Rush CEO, execs share their 5 pillars of health equity

Chicago-based Rush University Medical Center's CEO and senior leadership shared their framework for addressing large health inequities in the hospital's West Side Chicago community and worked to promote equity in healthcare, according to a report in the New England Journal of Medicine.

The report's authors include Rush President and CEO Omar Lateef, DO; retired CEO Larry Goodman, MD; David Ansell, MD, senior vice president for community health equity; and Darlene Oliver-Hightower, vice president of community health equity and engagement.

To address health equity, Rush developed the following five pillars of equity framework:

1. Name and eliminate racism.

Rush said it was comfortable in naming poverty and racism as a root cause of healthcare inequity.

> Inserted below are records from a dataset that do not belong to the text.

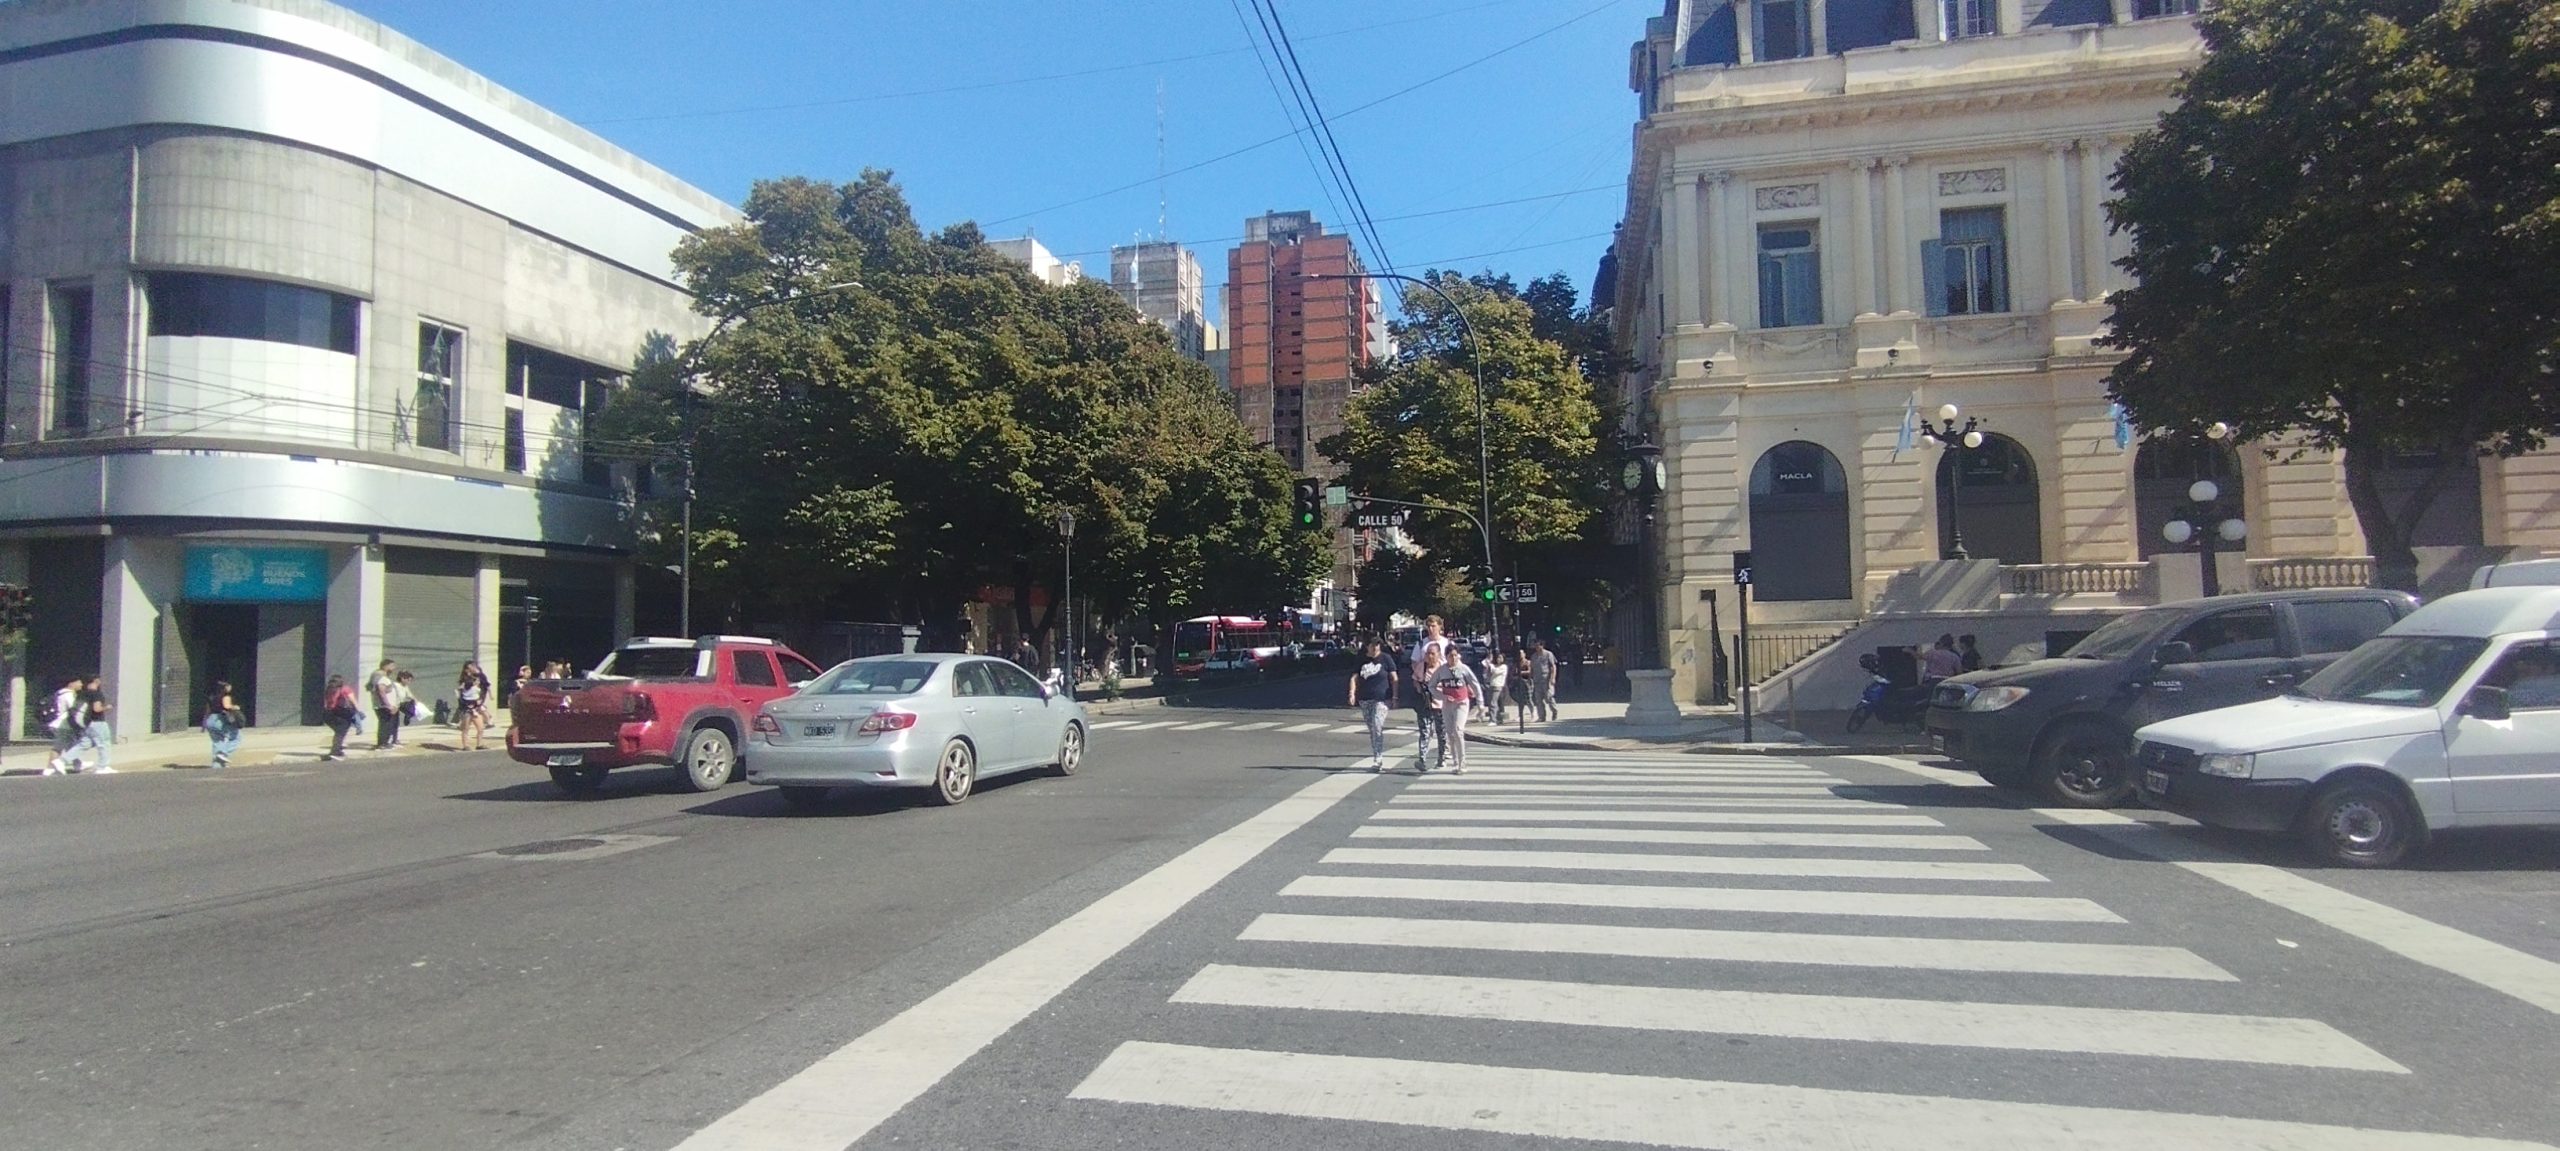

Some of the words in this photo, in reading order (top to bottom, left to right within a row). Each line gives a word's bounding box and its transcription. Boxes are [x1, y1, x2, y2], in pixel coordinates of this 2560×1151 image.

[1780, 472, 1813, 480] MACLA
[1358, 515, 1388, 526] CALLE
[1391, 515, 1403, 526] 50
[1521, 588, 1532, 596] 50
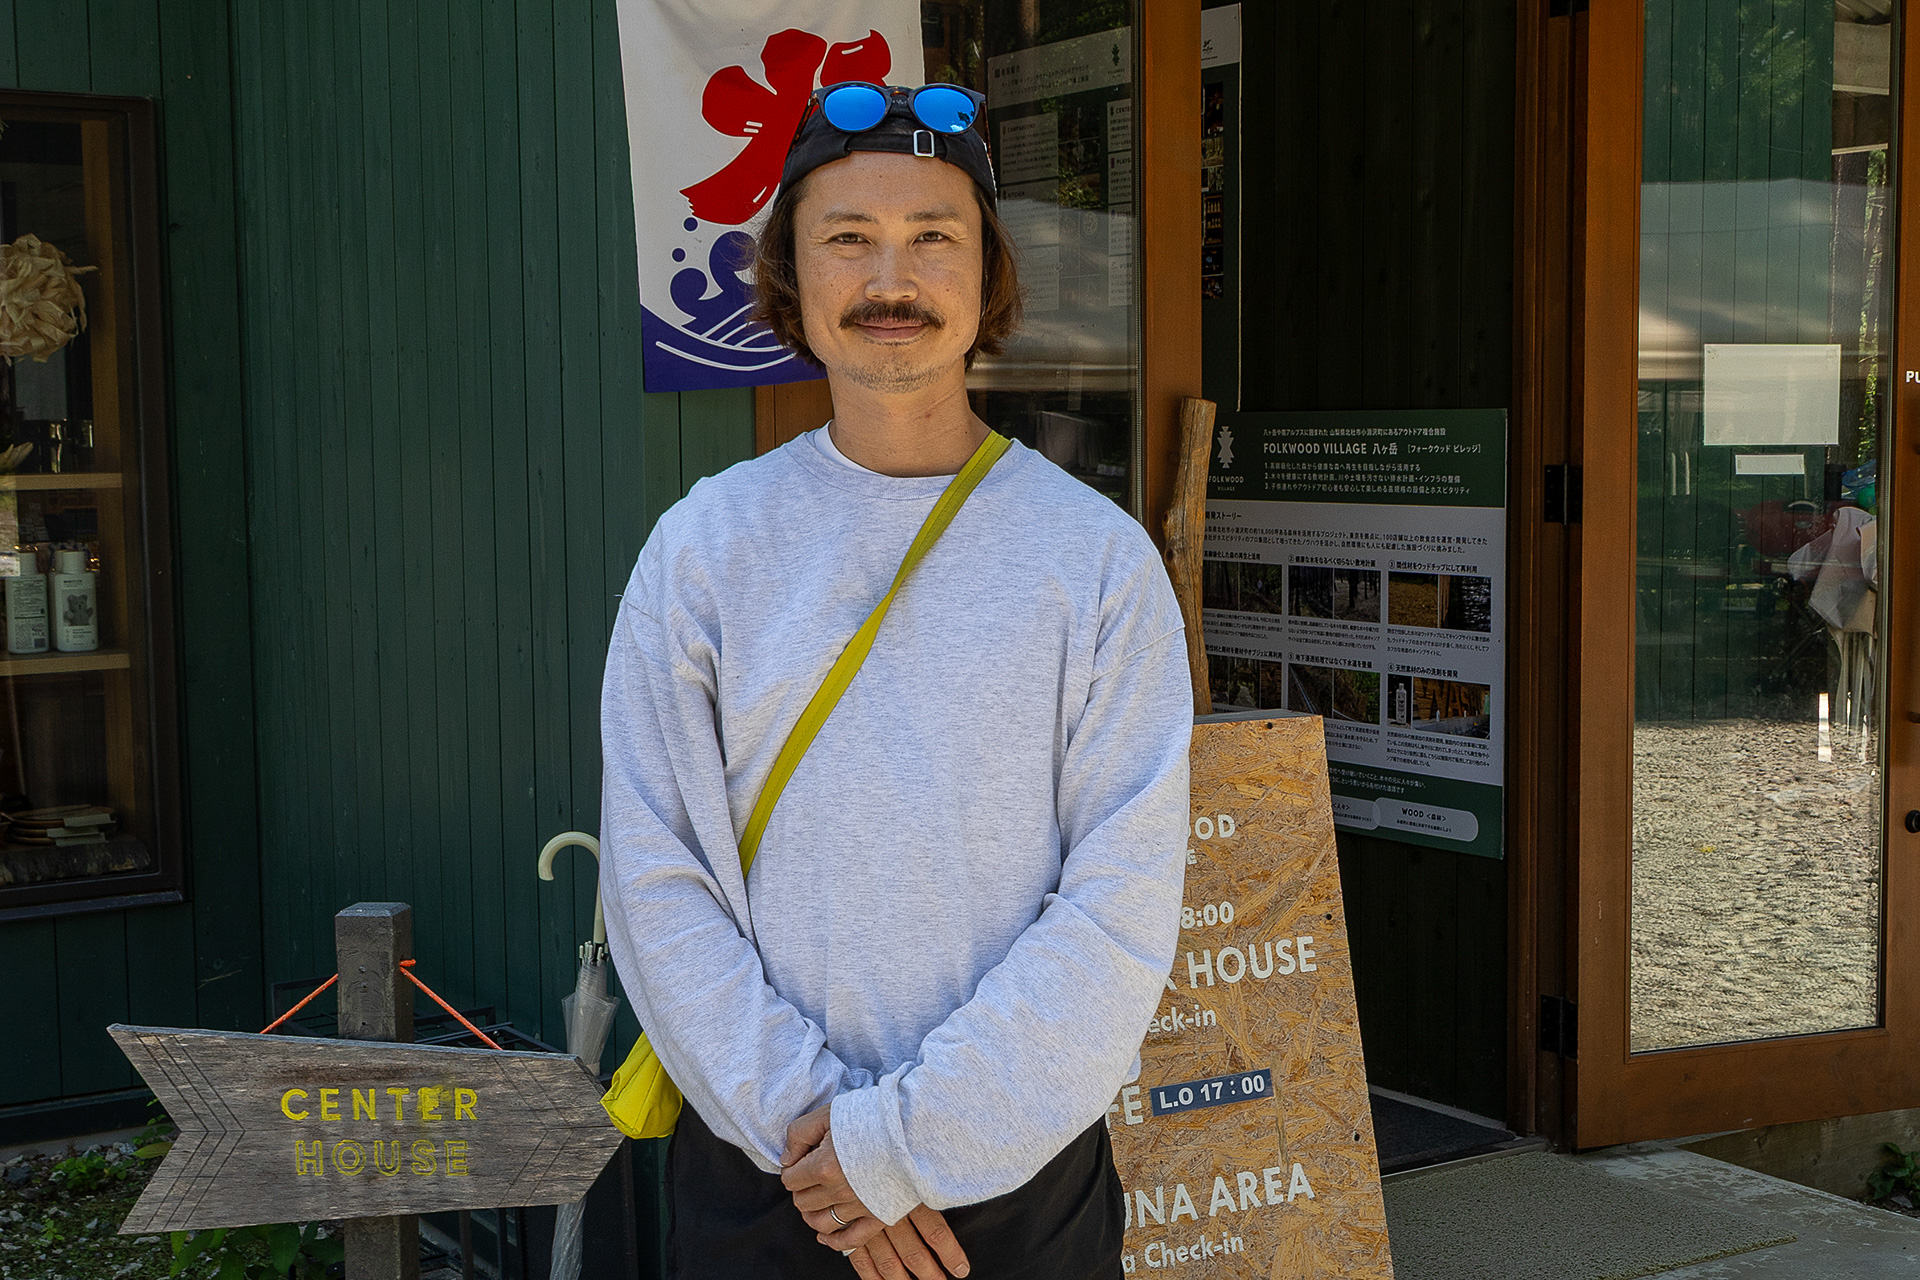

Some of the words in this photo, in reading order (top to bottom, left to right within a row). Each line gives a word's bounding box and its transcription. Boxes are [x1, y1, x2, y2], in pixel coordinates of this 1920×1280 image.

[1263, 443, 1320, 454] FOLKWOOD
[1323, 443, 1367, 454] VILLAGE
[1372, 442, 1398, 455] 八ヶ岳
[1208, 475, 1244, 484] FOLKWOOD
[1188, 814, 1235, 840] OD
[1401, 807, 1424, 818] WOOD
[1186, 936, 1318, 989] HOUSE
[280, 1086, 479, 1122] CENTER
[1159, 1087, 1194, 1109] L.O
[294, 1137, 470, 1178] HOUSE
[1208, 1162, 1315, 1217] AREA
[1144, 1231, 1245, 1269] Check-in

"If structural racism, economic deprivation, and neighborhood conditions were afflictions at the root cause of health inequities, we had an obligation as an academic health system to name these as the first step in identifying ways to address these inequities," the report said.

2. Adopt an anchor mission.

Rush launched an "anchor mission" to hire, purchase, invest and volunteer locally. Rush is focusing on hiring locally and developing talent, utilizing local labor for contracts and projects, buying and sourcing locally, investing locally and ensuring retirement readiness, and volunteering locally.

3. Create wealth-building opportunities for employees.

Internal listening sessions determined that many employees experienced extreme financial distress and were not saving for retirement. There were few internal pathways for career growth. Many of Rush's employees lived in the low-income neighborhoods that Rush was trying to elevate. Rush initiated a pension reform program to significantly increase retirement savings, raised entry hourly wages to $15 per hour, launched healthcare career pathways for incumbent employees, and offered financial wellness and credit training.

4. Eliminate healthcare inequities.

Rush established the Health Equity Governance Committee to report on performance projects that address racial, ethnic, gender and age inequities. Rush began screening patients for social determinants of health, including food, transportation, access to primary care and more. The health system launched a home visiting program for homebound patients who live with chronic illness and for postpartum mothers who live in communities with low life expectancy.

5. Address the social and structural determinants of health.

Rush partnered with other hospitals in Chicago so they could collectively make a greater impact. Consisting of Rush and five other hospitals, West Side United is able to invest millions back into the community and hire West Side employees. The partnership will work toward cutting Chicago's 14-year life expectancy gap between wealthy and low-income communities by 50 percent by 2030.